To be honest, I cannot imagine Arizona without its wild horses and burros. They bring life to the desert and contribute to the diversity of what is here. Now I could go on and on, but I think I have made somewhat of my point.
More interesting reading for people who may want to further their knowledge should read the R.T Fitch article "Indian horses BEFORE Columbus" as well as "Wild Horses as Native North American Wildlife" by Jay F. Kirkpatrick, Ph.D. and Patricia M. Fazio, Ph.D.
A Response To 'Challenge Accepted'
The numbers do not lie - $425 million dollars over the past five years? Yes, I spend a lot of time outdoors and in the wild. I appreciate your response, and it is as biased as you say mine is.
Any idea on the cost of making sure every mare is handled? There are many photos of burros hoarding water. The Arizona Game & Fish Department (whom I rely on for some of my information) notes that the burro population is at 400 percent of carrying capacity. Denuded trees are all around Lake Pleasant; please take a tour some day.
Balance In Nature
I am for balance in nature. Name me a predator in Arizona that will take on burros and horses. Perhaps an occasional mountain lion will try, but the easier food is in deer and elk fawns.
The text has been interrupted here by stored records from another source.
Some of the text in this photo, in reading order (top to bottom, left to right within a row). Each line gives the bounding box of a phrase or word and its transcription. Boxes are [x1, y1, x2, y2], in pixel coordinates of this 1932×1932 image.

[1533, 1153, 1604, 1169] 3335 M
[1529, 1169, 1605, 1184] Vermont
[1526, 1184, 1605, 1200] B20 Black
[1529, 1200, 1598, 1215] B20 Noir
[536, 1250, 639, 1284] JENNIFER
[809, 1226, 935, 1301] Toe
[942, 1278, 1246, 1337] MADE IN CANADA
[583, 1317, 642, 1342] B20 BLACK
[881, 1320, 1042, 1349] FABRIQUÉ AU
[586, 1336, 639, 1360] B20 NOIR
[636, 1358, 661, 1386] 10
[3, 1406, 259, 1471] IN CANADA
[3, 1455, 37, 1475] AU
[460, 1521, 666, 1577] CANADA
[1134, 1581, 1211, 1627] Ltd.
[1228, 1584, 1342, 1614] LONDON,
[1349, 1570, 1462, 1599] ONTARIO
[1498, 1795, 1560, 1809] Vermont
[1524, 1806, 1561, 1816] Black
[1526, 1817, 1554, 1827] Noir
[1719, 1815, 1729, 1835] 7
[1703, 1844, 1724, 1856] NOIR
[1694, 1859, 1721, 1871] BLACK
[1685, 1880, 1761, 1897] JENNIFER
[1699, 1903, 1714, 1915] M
To say that they have been here (Salt River Recreation area) is a bit misleading. That herd is exploding, some because animals that were left loose during the last economic downturn, some through the Native America tribes that have a huge issue with them and some through the birthing that takes place. Remember, a herd size doubles every four years.
Water For All Wildlife
I have issues with horse lovers who refuse to "belly up to the bar" and put their money where their mouth is. Each year, groups I belong to raise in excess of $1,00,000.00 for habitat and wildlife. I do work on projects where we put waters in so that all wildlife thrives.
I have been hunting in unit 3A, 3C along the Rim Country for over 30 years now. Prior to the Rodeo Chedeski fire, there were only four or five horses that were documented in those units. After a lot of work to improve the habitat after the fires, horses came in fairly large numbers from the White Mountain Apache Reservation.Drive through south of Heber now and all you see are horse droppings along every road. It will reach critical mass somewhere along the line and then it will be too late.
I have issues with housing over 40,000 unwanted animals across the Midwest at taxpayers' expense. You are basing your love for a single species without a natural predator. Without adequate funding from the horse lovers, the taxpayers will continue to foot the bill and that is flat out wrong. The cattlemen across Arizona have been working the land for well over 100 years and they monitor range conditions, put in dirt tanks for water and are stewards of the land.
Horse lovers nickname their perceived 1300-pound pets and ridicule anyone who challenges what is going on. At the far end of the spectrum, China imports 500,000 tons of horse meat every year for food for their country. While not on the American table fare, it is served across Europe and Canada.
At Taxpayers' Expense
I used the statistics available on the Wild Horse and Burro Web site regarding costs, so that is not imagined. I would love to see a balance out there, but your only solution comes at taxpayers' expense and says nothing about herd reductions - and that is where my angst comes from.
Just an FYI, I do love horses, I have owned them and I see them every year up north where they do whatever they want with impunity, since they are no longer afraid of humans. The cattle you speak of are culled every year; they are moved from pasture to pasture and the permitees are liable for managing the landscape. What say you?
There is no denying the beauty of horses, but there is also no denying the beauty of a bull elk during the rut, or a herd of deer in the wild.
Sorry for the length and meandering, but horse lovers need to get a grip and pay for what they love, just as sportsmen do for our wildlife - and not through taxpayers' money.